The captain has the Alabaman arrested for harming a native and delivers a long lecture, full of talking points and lists, declaiming about how the Unites States has treated other nations badly and the entire world rightly hates the United States and the only way the human race will endure is if the United States gives all these handouts to poor foreigners and makes sure the foreigners don't have too many children and he finishes off the harangue--and Harrison finishes off his story--by expressing his elite contempt for the Alabaman.

This story (I think) is ridiculous heavy-handed agitprop, the self-righteous wish fulfillment fantasy of the sort of guy who daydreams of being a white savior to nonwhites and a persecutor of racist whites as well as a better fighter and tracker than Conan.  It sucks, but perhaps it offers insight into the thinking of center-left types like Harrison circa 1970.
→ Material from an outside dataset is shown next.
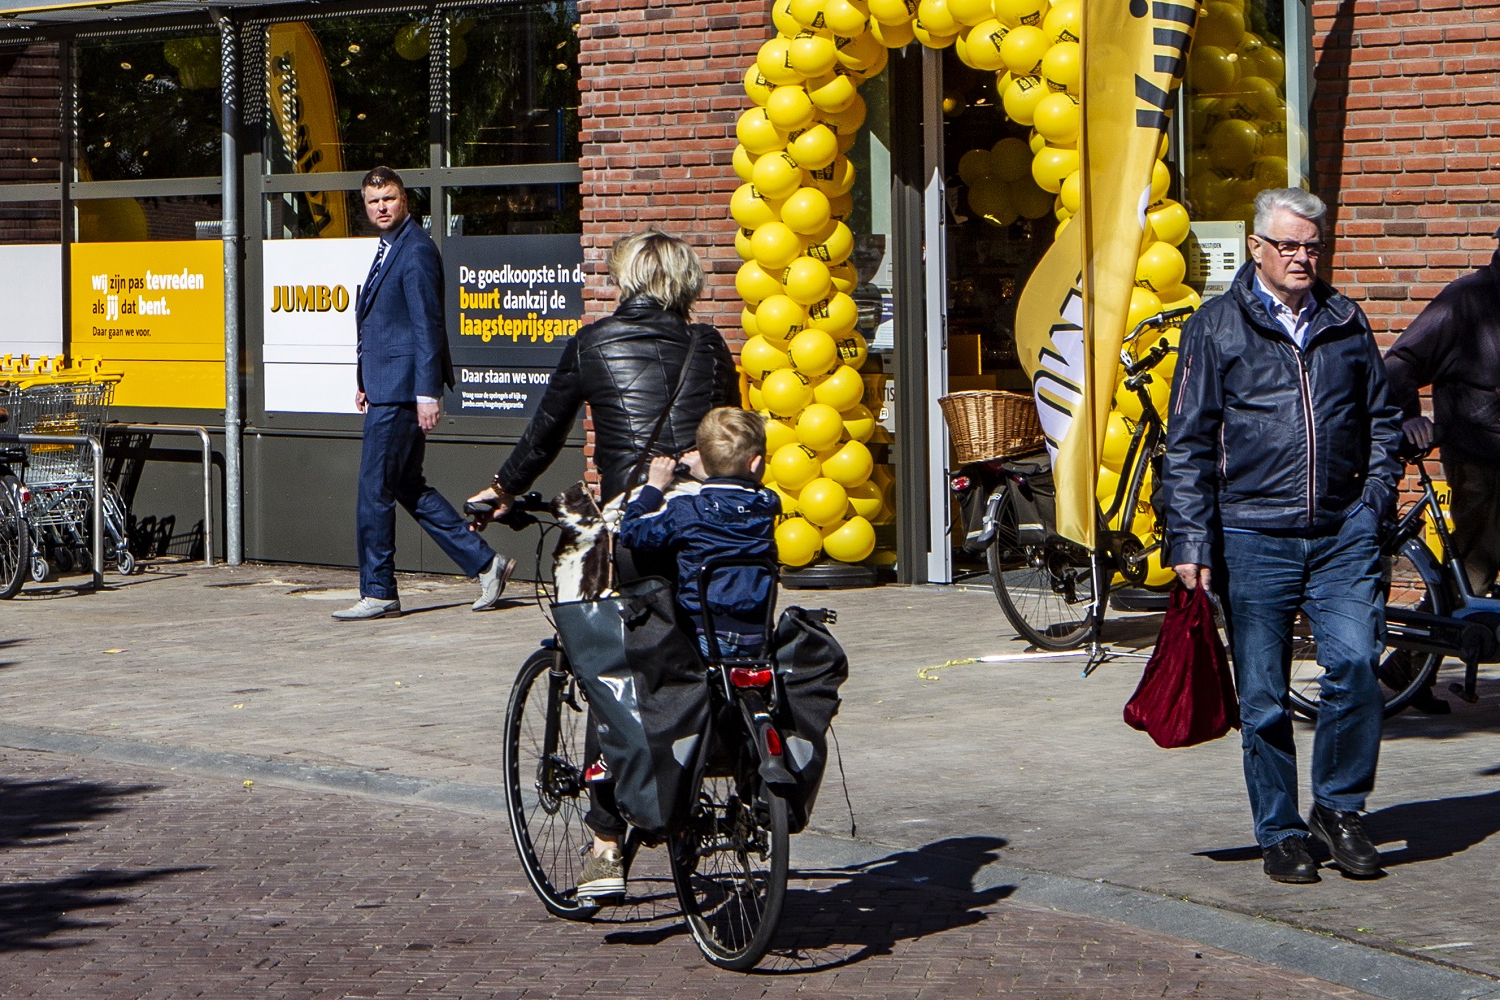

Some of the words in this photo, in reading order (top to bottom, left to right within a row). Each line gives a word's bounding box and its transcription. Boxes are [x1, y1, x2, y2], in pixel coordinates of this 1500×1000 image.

Left: Are we seeing stars through the moon?
Right: Is there really a sword and sorcery scenario to be found in this anthology?

**********

Not so good a batch this time.  Students of Harrison's entire body of work may find "Down to Earth" interesting, as, so I understand, late in his career Harrison wrote many alternate history books, and the concern about overpopulation in "Commando Raid" of course brings to mind Make Room!  Make Room!, which I haven't actually read but which everybody talks about all the time.

We'll see if we get back to Prime Number any time soon.

2 comments:

  1. The only short story by Harry Harrison that impressed me was The Streets of Askelon.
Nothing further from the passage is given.